▶ Your instructions: Without the images, reproduce every entry exactly.

Collected data
•••••

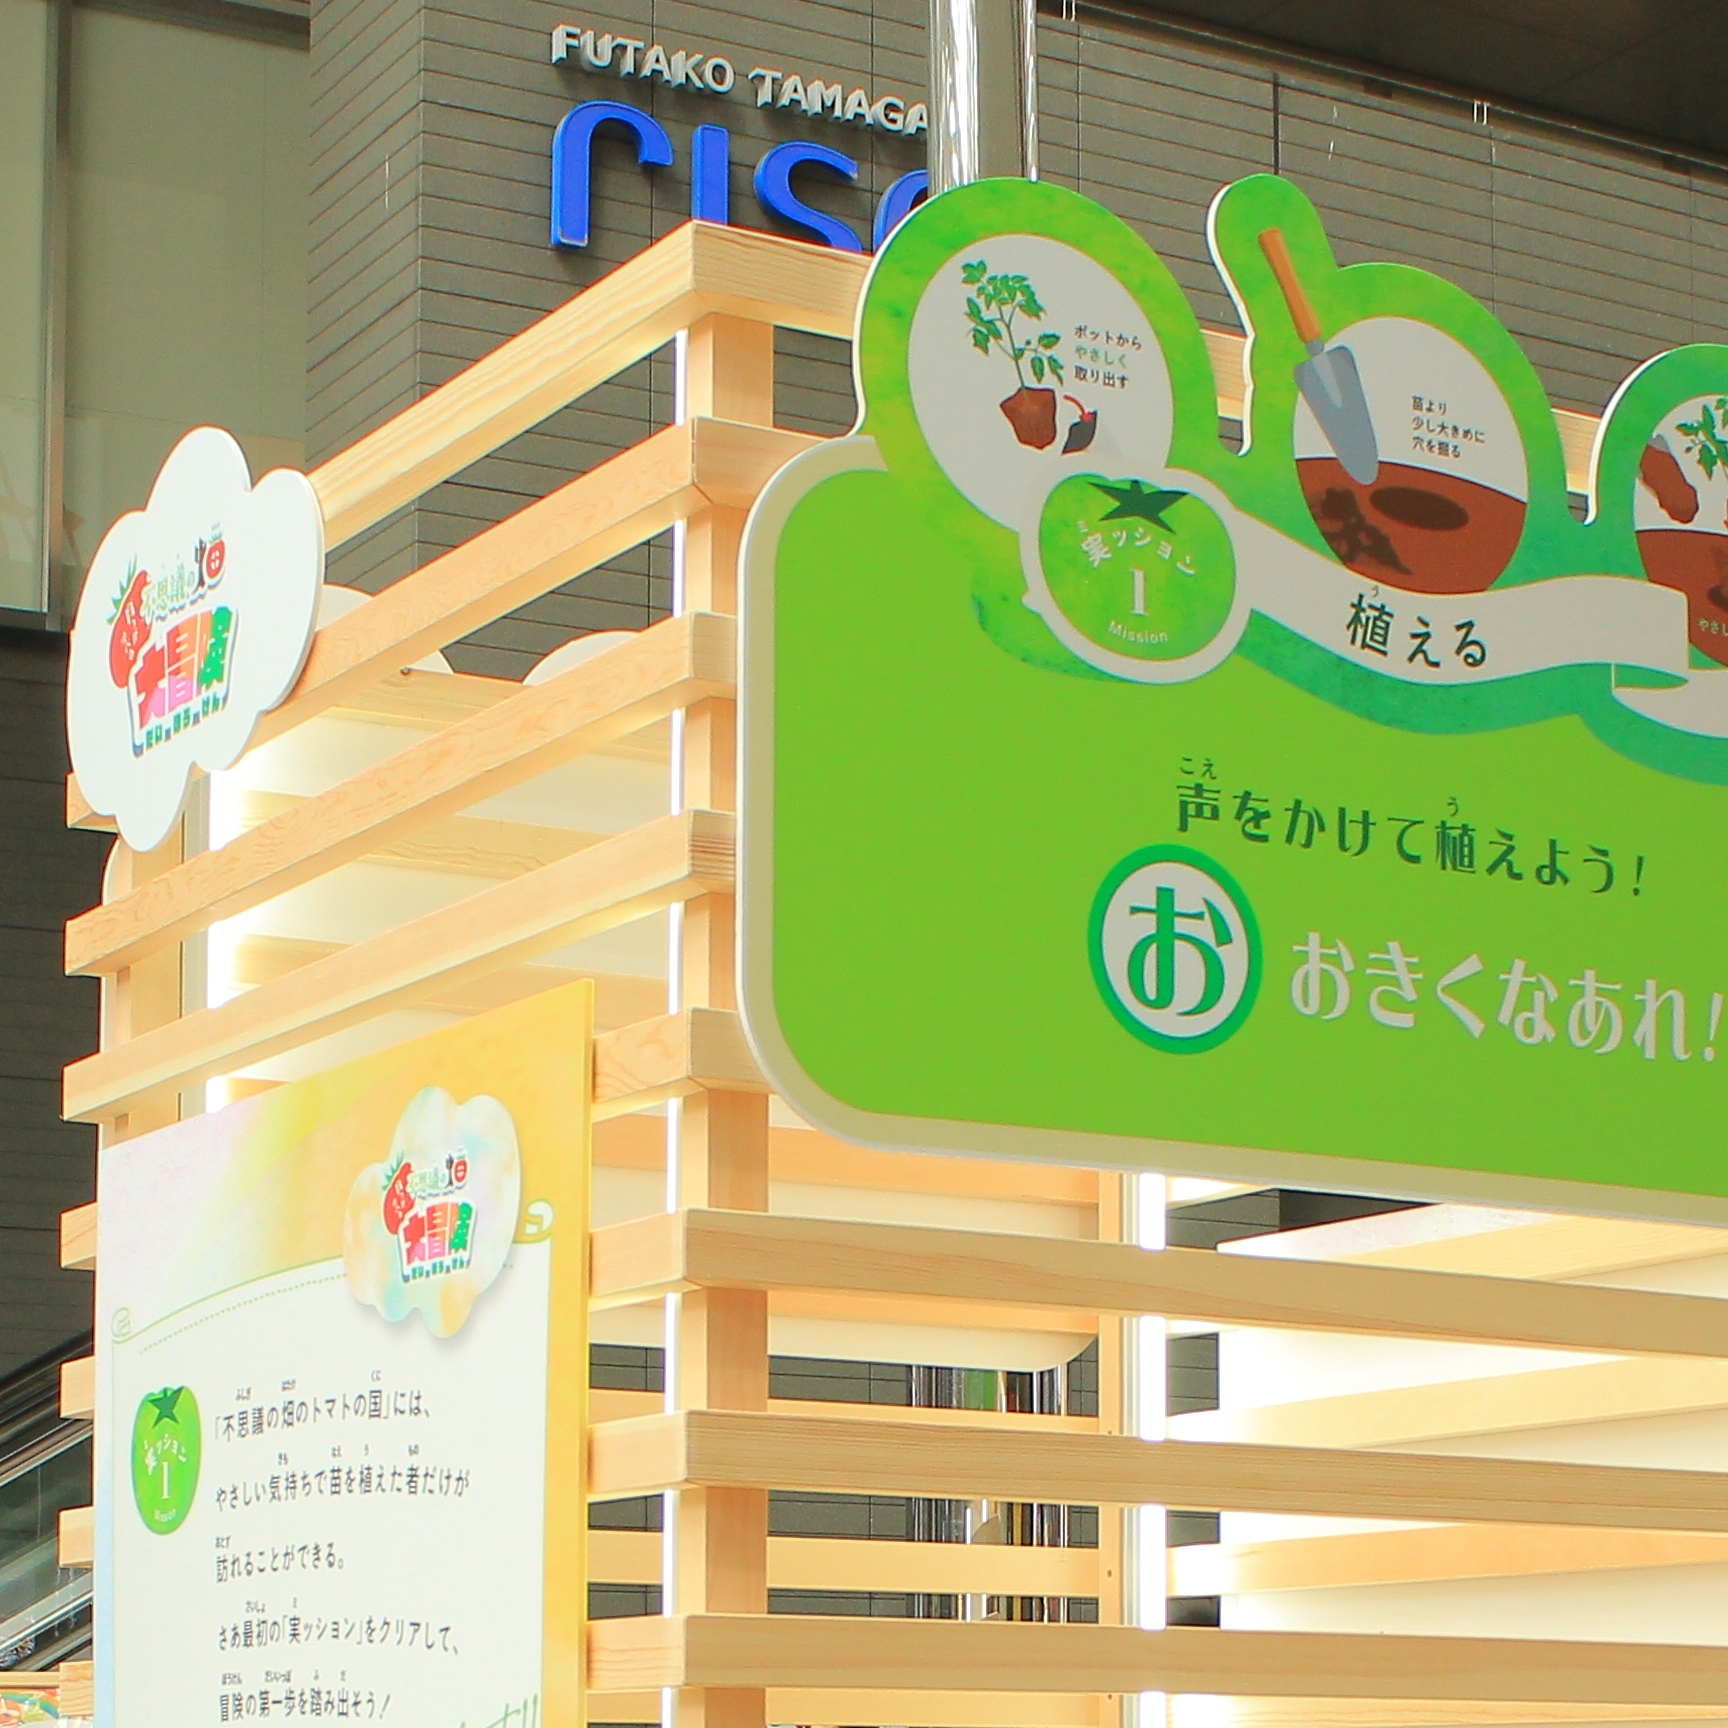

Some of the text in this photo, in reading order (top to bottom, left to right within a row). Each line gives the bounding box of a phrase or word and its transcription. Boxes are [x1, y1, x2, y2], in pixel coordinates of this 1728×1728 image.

[551, 23, 734, 94] FUTAKO
[1074, 323, 1143, 351] ポットから
[1074, 345, 1128, 369] やさしく
[1073, 365, 1130, 390] 取り出す
[1412, 394, 1448, 416] 苗より
[1412, 415, 1486, 445] 少し大きめに
[1412, 434, 1462, 459] 穴を掘る
[1108, 619, 1169, 644] Mission
[1345, 594, 1488, 669] 植える
[1177, 782, 1647, 897] 声をかけて植えよう！
[1126, 884, 1726, 1063] お おきくなあれ！
[214, 1388, 431, 1443] 「不思議の畑のトマトの国」には、
[215, 1464, 470, 1512] やさしい気持ちで苗を植えた者だけが
[216, 1541, 344, 1583] 訪れることができる。
[218, 1613, 460, 1656] さあ最初の「実ッション」をクリアして、
[219, 1687, 392, 1722] 冒険の第一歩を踏み出そう！
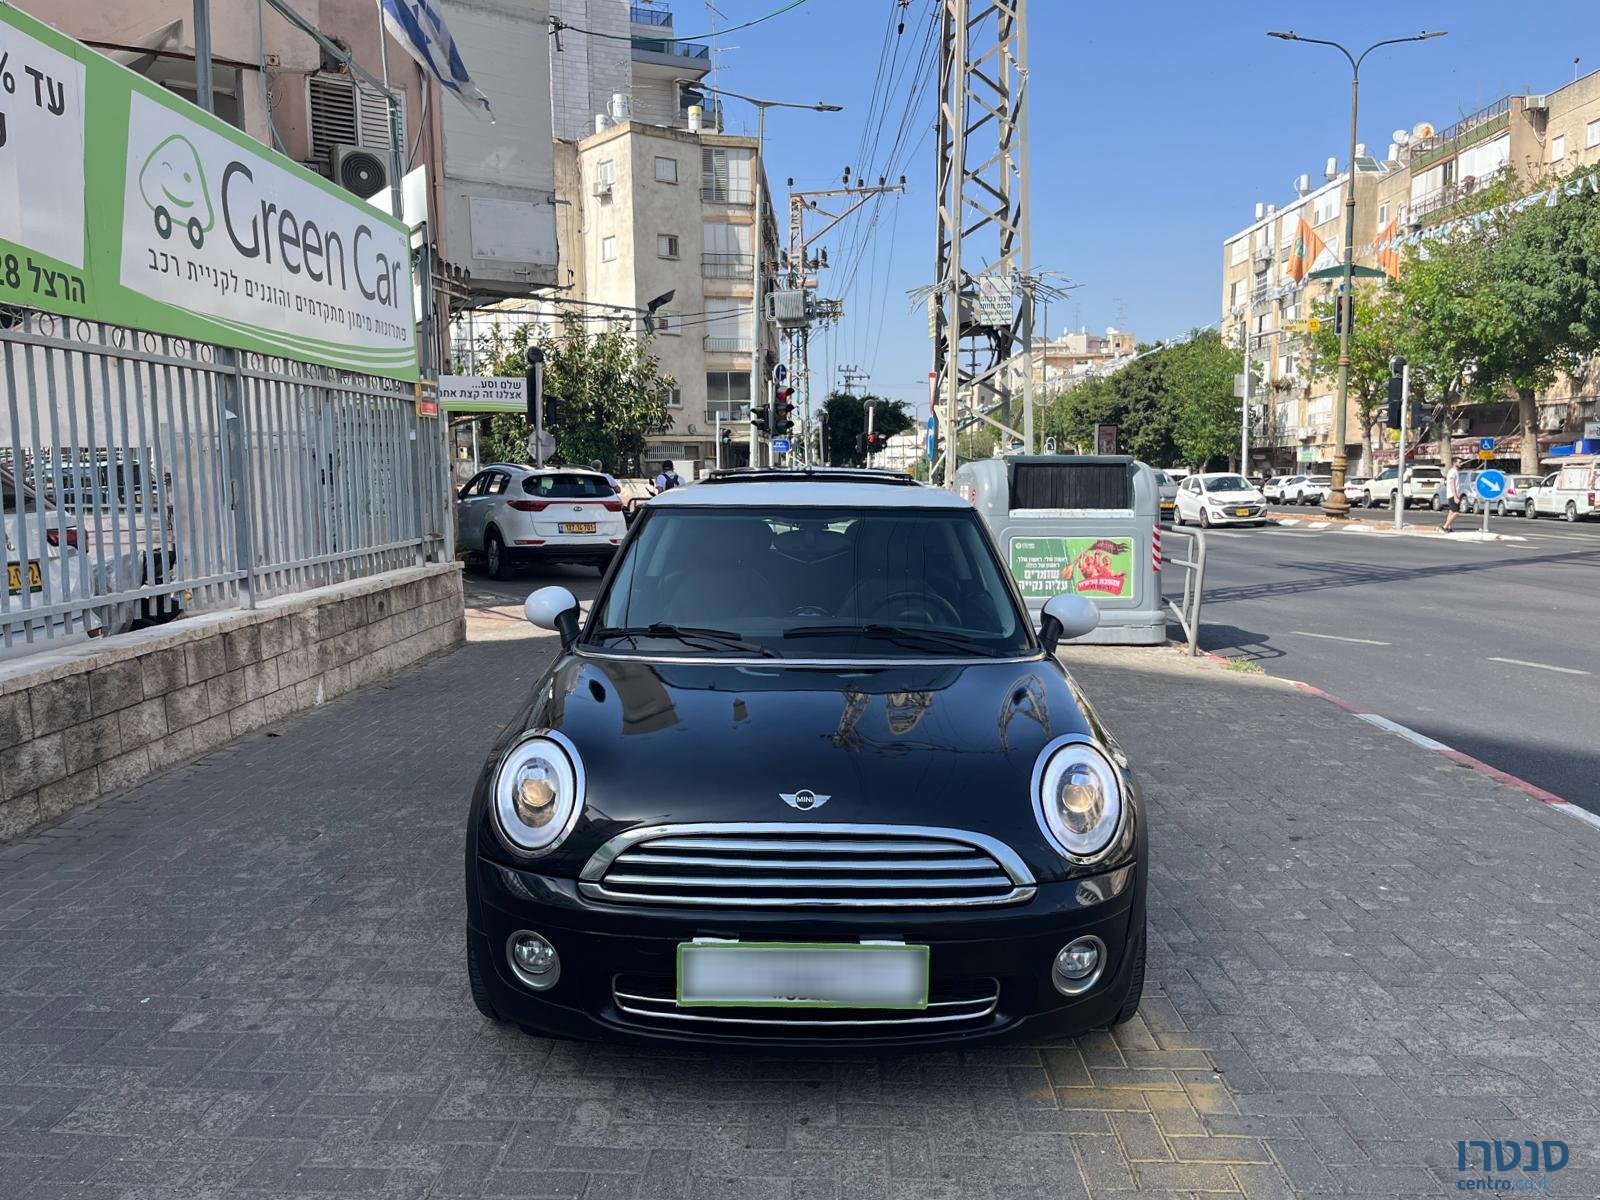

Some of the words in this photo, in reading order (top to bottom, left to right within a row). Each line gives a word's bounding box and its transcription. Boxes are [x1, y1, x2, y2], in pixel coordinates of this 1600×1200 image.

•••••

▶ Answer to the exercise:
Some of the text in this photo, in reading order (top to bottom, left to right within a row). Each line gives the bounding box of a phrase or word and its transcription. Boxes are [x1, y1, x2, y2], in pixel coordinates of this 1728×1728 image.

[551, 23, 734, 94] FUTAKO
[1074, 323, 1143, 351] ポットから
[1074, 345, 1128, 369] やさしく
[1073, 365, 1130, 390] 取り出す
[1412, 394, 1448, 416] 苗より
[1412, 415, 1486, 445] 少し大きめに
[1412, 434, 1462, 459] 穴を掘る
[1108, 619, 1169, 644] Mission
[1345, 594, 1488, 669] 植える
[1177, 782, 1647, 897] 声をかけて植えよう！
[1126, 884, 1726, 1063] お おきくなあれ！
[214, 1388, 431, 1443] 「不思議の畑のトマトの国」には、
[215, 1464, 470, 1512] やさしい気持ちで苗を植えた者だけが
[216, 1541, 344, 1583] 訪れることができる。
[218, 1613, 460, 1656] さあ最初の「実ッション」をクリアして、
[219, 1687, 392, 1722] 冒険の第一歩を踏み出そう！

Some of the words in this photo, in reading order (top to bottom, left to right within a row). Each line gives a word's bounding box and its transcription. Boxes are [x1, y1, x2, y2], in pixel coordinates of this 1600×1200 image.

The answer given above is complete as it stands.